Hermine Granger. Nein, verdammt noch mal - Hermine Krum. Sie schien keinerlei Probleme zu haben seiner Logik zu folgen. Sie nickte hier und da und lächelte, als sie sah wohin sein Gedankengang führte. Sie war wahrscheinlich die einzige Person im ganzen Vorlesungssaal, außer ihm selbst, der die Details, wie er die Heilung gefunden hatte, wirklich verstand. Plötzlich drehte sie ihren Kopf; ihre funkelnden Augen bohrten sich direkt in seine. Ein Schock durchfuhr ihn wie einen Blitz bei diesem Augenkontakt und er blickte schnell weg. Er räusperte sich und fuhr mit der Präsentation fort.

***


Severus demonstrierte nun das Brauen des Tranks. Da es zwei Wochen dauerte, den Trank herzustellen, hatte er eine Reihe von Beispielkesseln mit dem Trank in verschiedenen Stadien der Herstellung mitgebracht. Wie eine Muggel-Kochsendung, dachte Hermine lächelnd. Das Lächeln wankte, als sie auf seine Hände schaute, die geschickt mit den Zutaten hantierten. Diese Hände.

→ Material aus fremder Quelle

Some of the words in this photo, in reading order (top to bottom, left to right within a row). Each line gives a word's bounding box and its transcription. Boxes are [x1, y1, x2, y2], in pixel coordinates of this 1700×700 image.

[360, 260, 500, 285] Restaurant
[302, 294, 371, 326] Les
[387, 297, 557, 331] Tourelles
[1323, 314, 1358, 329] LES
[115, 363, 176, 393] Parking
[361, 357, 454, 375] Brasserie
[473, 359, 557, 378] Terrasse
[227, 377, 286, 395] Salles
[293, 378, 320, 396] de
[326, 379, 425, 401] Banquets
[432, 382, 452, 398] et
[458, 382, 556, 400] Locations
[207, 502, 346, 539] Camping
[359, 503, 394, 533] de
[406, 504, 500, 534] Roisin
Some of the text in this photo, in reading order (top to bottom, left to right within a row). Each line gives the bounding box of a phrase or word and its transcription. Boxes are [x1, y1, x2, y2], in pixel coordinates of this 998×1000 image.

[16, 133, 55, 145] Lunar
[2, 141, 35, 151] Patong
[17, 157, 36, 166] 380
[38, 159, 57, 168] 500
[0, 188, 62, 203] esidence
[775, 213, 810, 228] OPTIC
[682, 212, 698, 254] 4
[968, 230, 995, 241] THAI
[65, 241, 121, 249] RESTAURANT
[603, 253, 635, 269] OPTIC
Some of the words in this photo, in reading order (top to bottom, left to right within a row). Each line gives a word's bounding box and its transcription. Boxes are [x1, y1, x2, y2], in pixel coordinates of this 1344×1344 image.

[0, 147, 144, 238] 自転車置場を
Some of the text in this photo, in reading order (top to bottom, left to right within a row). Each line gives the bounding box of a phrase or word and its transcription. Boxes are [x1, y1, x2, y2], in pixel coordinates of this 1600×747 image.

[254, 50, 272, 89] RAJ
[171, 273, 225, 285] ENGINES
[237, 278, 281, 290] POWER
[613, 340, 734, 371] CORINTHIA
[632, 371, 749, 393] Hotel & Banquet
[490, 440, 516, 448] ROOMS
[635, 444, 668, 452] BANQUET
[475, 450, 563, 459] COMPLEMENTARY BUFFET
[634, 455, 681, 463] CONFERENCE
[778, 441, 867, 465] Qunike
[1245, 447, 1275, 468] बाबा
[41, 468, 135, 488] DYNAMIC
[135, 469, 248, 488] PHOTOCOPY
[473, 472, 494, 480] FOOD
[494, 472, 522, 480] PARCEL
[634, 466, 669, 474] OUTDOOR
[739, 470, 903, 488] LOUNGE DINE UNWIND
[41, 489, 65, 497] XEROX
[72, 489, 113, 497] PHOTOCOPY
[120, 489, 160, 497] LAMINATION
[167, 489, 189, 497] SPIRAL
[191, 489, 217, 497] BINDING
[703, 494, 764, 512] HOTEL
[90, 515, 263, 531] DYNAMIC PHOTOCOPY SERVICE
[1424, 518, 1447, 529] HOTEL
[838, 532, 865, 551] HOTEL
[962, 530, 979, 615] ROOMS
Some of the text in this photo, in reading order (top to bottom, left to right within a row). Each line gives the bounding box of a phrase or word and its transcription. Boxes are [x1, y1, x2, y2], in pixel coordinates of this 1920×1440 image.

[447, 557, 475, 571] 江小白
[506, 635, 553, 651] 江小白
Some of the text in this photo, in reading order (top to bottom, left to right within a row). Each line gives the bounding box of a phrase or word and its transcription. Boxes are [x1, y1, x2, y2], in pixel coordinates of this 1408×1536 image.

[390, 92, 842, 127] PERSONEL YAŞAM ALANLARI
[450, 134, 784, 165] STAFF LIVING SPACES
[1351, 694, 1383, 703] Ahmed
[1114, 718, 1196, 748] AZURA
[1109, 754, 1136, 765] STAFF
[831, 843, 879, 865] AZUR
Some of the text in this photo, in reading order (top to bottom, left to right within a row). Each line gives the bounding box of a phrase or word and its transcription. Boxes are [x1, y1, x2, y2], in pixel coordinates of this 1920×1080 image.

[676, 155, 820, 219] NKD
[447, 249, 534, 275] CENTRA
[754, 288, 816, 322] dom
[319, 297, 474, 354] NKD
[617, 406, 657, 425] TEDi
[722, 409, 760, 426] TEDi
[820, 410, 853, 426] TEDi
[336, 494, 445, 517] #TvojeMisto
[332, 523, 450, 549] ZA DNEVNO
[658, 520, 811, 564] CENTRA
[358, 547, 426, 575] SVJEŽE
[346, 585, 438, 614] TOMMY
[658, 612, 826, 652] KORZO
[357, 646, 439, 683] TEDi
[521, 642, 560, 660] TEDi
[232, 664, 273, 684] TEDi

Sie hatte diese Hände immer geliebt. Wenn ich nur seine Hände nicht auf ihr gesehen hätte, dachte Hermine wütend. Sie hatte Remus und Susan nicht alles erzählt. Als sich Hermine vor fast sechs Jahren an Harry gewandt hatte, um ihr Herz auszuschütten wegen ihrer verwirrten Gefühle für Viktor und ihrem Verlangen nach Severus, hatte er die Bombe platzen lassen. Er hatte Severus mit Tonks gesehen, kaum einen Monat nach ihrem Weggang. Sie hatte ihm nicht geglaubt, hatte gedacht es wäre ein Trick, um sie Severus vergessen zu machen, war überzeugt, dass er eine Situation missverstanden habe. Bis er sie gezwungen hatte in das Denkarium zu sehen. Oh Merlin, warum habe ich da hinein geschaut? Warum habe ich nicht einfach Harrys Worten geglaubt? Was sie gesehen hatte, war für immer in ihr Gedächtnis eingebrannt.

***


Sie konnte ihn nicht sehen, aber sie wusste, dass Harry ganz nah war in seinem Tarnumgang. Sie war ja schließlich in einem Denkarium, das seine Erinnerung enthielt. Sie ging durch einen Gang, den sie aus dem Hauptquartier des Ordens kannte. Eine Tür öffnete sich vor ihr und sie ging durch bevor diese sich schloss.

Harry und sie waren in einem der vielen leeren Räume von Grimmaulds Platz 12. Es war niemand dort. Dem Murmeln nach zu schließen, hatte sich Harry in einen Stuhl gesetzt, um nachzudenken.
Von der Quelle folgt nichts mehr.